State v. Derouchie

440 A.2d 146, 140 Vt. 437, 1981 Vt. LEXIS 637
CourtSupreme Court of Vermont
DecidedNovember 19, 1981
Docket123-80
StatusPublished
Cited by68 cases

This text of 440 A.2d 146 (State v. Derouchie) is published on Counsel Stack Legal Research, covering Supreme Court of Vermont primary law. Counsel Stack provides free access to over 12 million legal documents including statutes, case law, regulations, and constitutions.

Bluebook
State v. Derouchie, 440 A.2d 146, 140 Vt. 437, 1981 Vt. LEXIS 637 (Vt. 1981).

Opinions

Hill, J.

The defendant, Stephen Derouchie, is appealing his conviction, after jury trial, of operating a motor vehicle without the owner’s consent. We affirm.

1.

At about 2:30 P.M. on November 26, 1979, a 1975 Dodge van owned by one Lesage was parked in front of Stech’s Heating Supply Company at 236 South Champlain Street in Burlington. The keys were left in the van. When the owner left the store about 15 minutes later, the van was gone. He had not given permission for anyone to take it. After searching for awhile, he reported the disappearance to the police.

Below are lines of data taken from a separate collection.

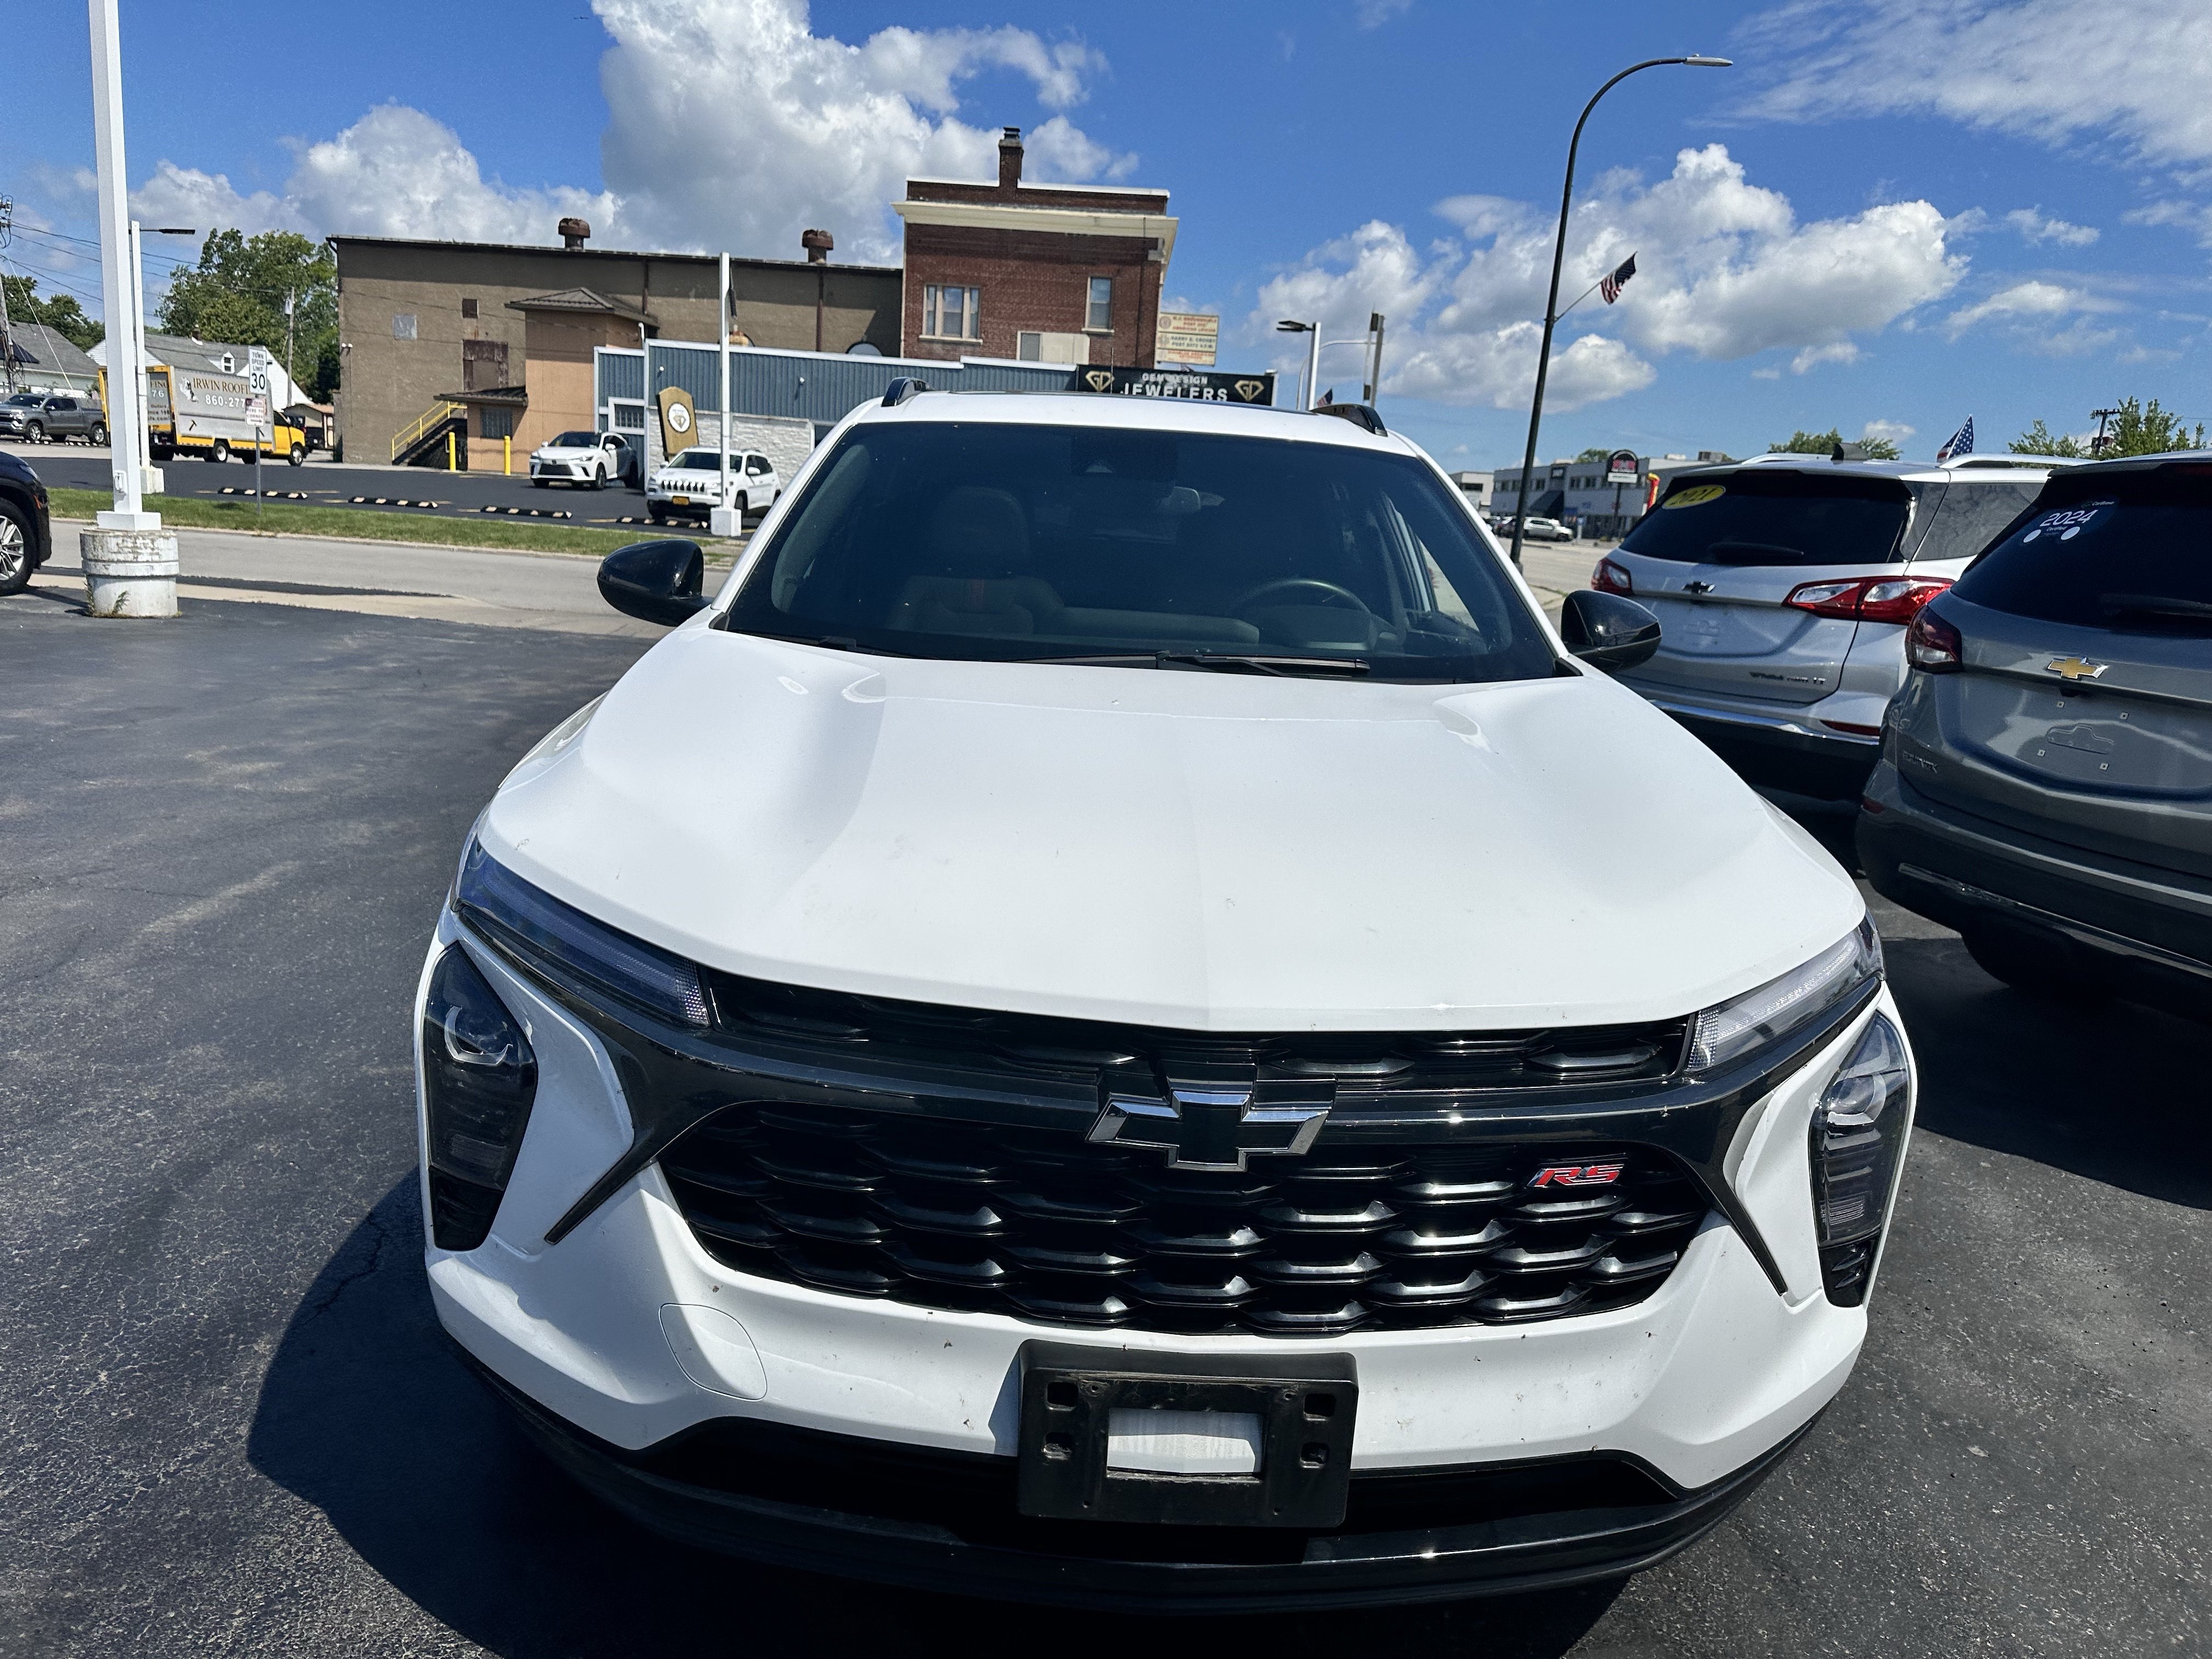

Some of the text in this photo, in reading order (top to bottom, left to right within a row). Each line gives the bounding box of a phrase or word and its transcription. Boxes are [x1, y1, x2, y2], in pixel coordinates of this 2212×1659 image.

[193, 377, 251, 395] IRWIN ROOFI
[251, 373, 266, 390] 30
[205, 394, 246, 408] 860-277
[1120, 383, 1228, 402] JEWELERS
[2039, 509, 2099, 527] 2024
[1527, 1164, 1624, 1187] RS
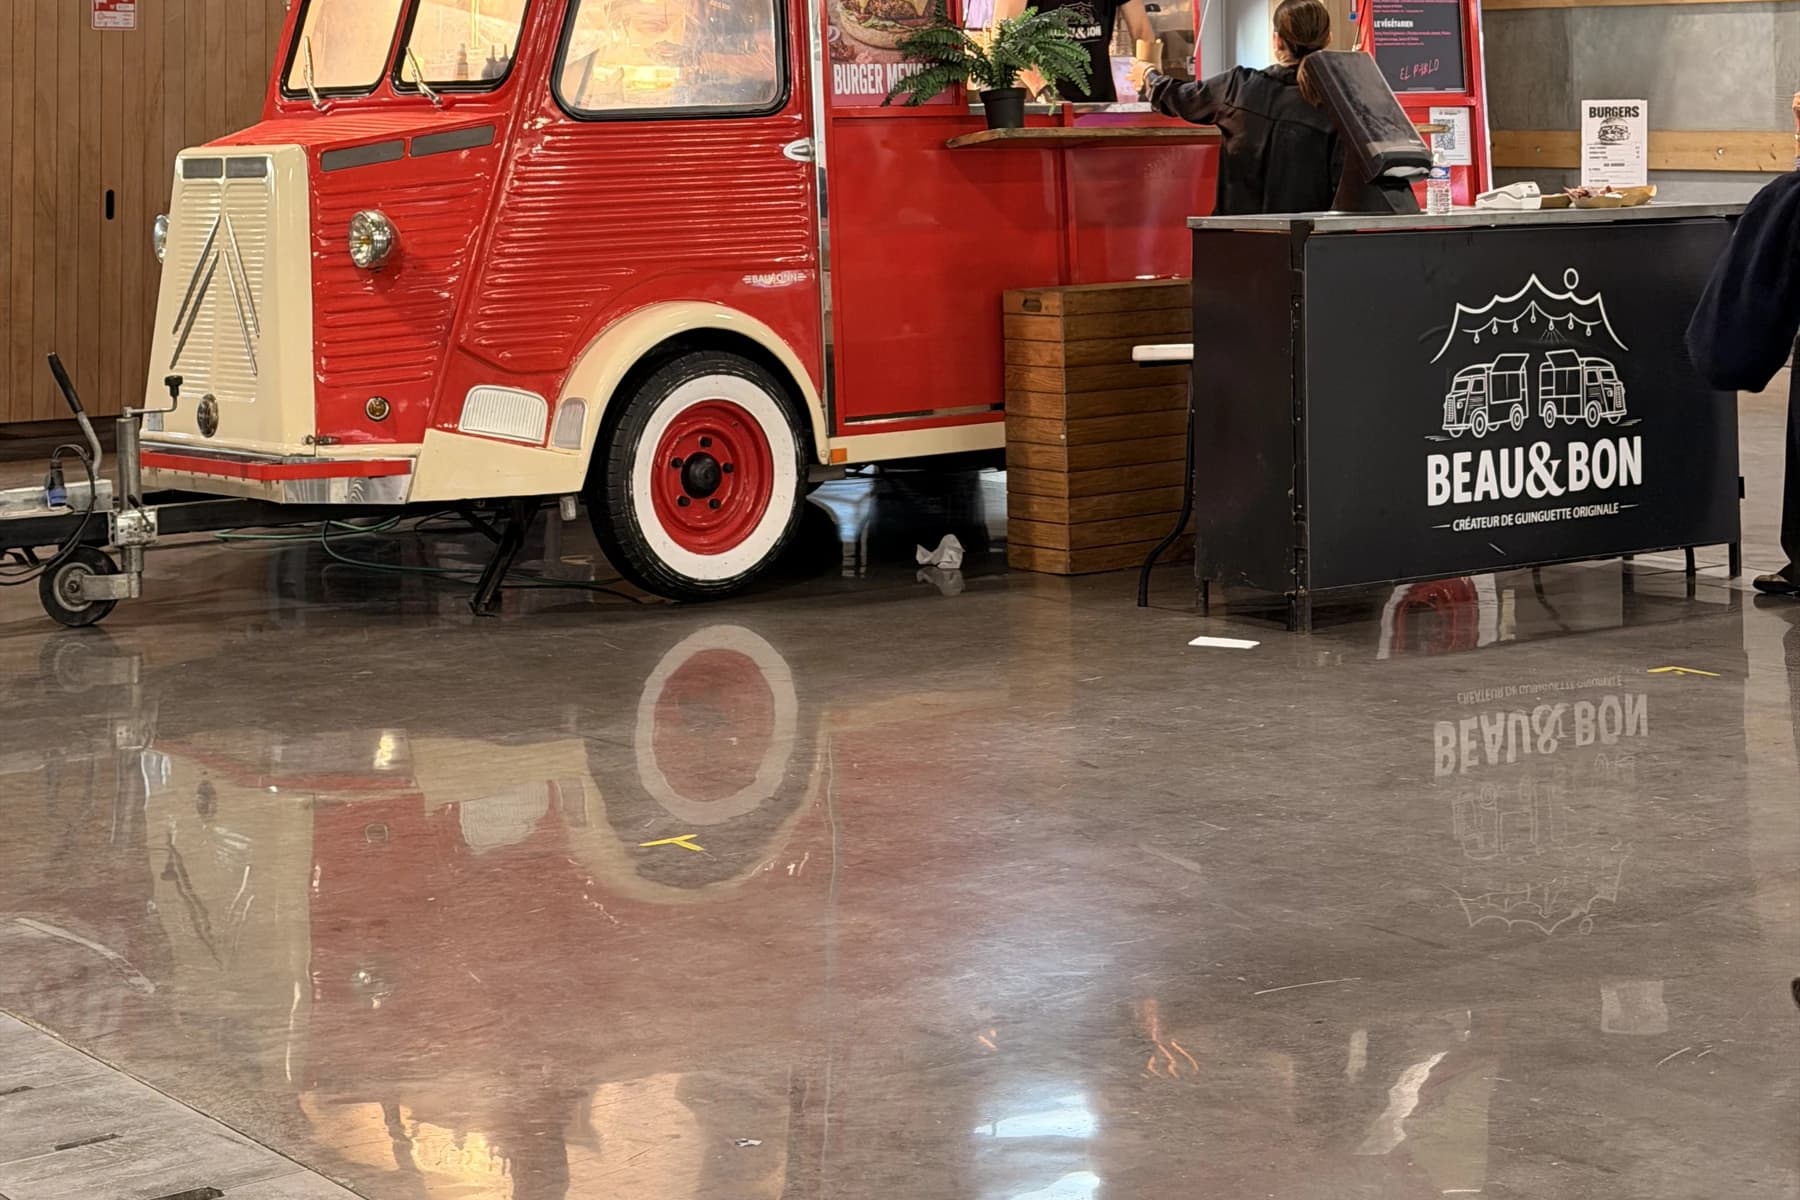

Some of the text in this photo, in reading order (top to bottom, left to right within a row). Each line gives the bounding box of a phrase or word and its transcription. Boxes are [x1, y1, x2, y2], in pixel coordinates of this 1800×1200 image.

[833, 63, 884, 95] BURGER
[1400, 65, 1411, 80] EL
[1588, 105, 1640, 118] BURGERS
[1568, 436, 1642, 492] BON
[1452, 502, 1619, 531] CRÉATEUR DE GUINGUETTE ORIGINALE
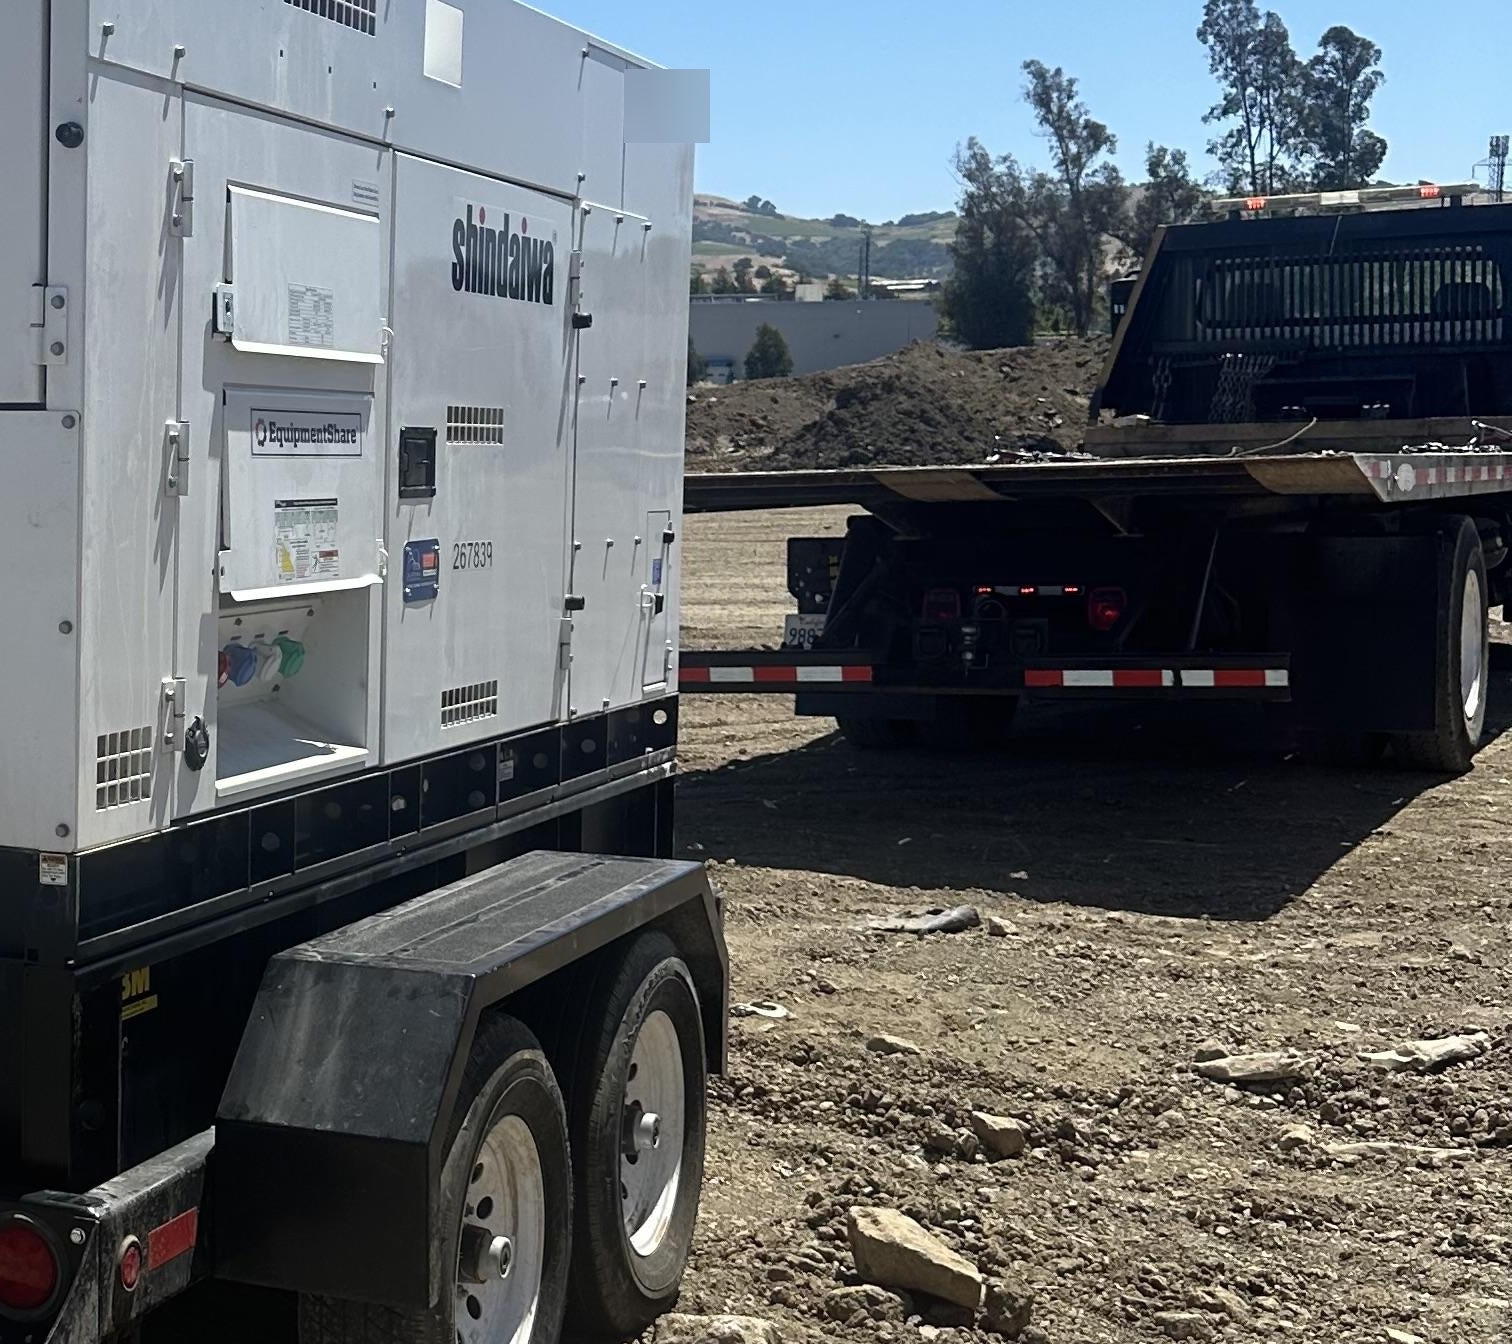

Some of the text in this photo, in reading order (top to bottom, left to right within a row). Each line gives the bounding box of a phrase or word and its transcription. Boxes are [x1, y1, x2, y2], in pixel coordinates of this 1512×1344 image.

[451, 204, 554, 305] shindaiwa
[268, 421, 357, 448] EquipmentShare
[452, 541, 493, 570] 267839

At about 4:00 P.M., the owner of the van and Bruce Stech, the owner of the Heating Supply Company, spotted the van in the K-Mart parking lot in South Burlington. A South Burlington police officer, Yvette Tatro, was called to the scene. The van was locked. To enter the van it was necessary to break the vent. Upon entering the van, they found the keys strewn along the floor in the front. Although they searched for the ignition key, they could not find it in the van. It was the only key missing. Mr. Lesage disabled the vehicle, and he went to his house to get a duplicate ignition key. The ignition key also operated the locks on the doors of the van.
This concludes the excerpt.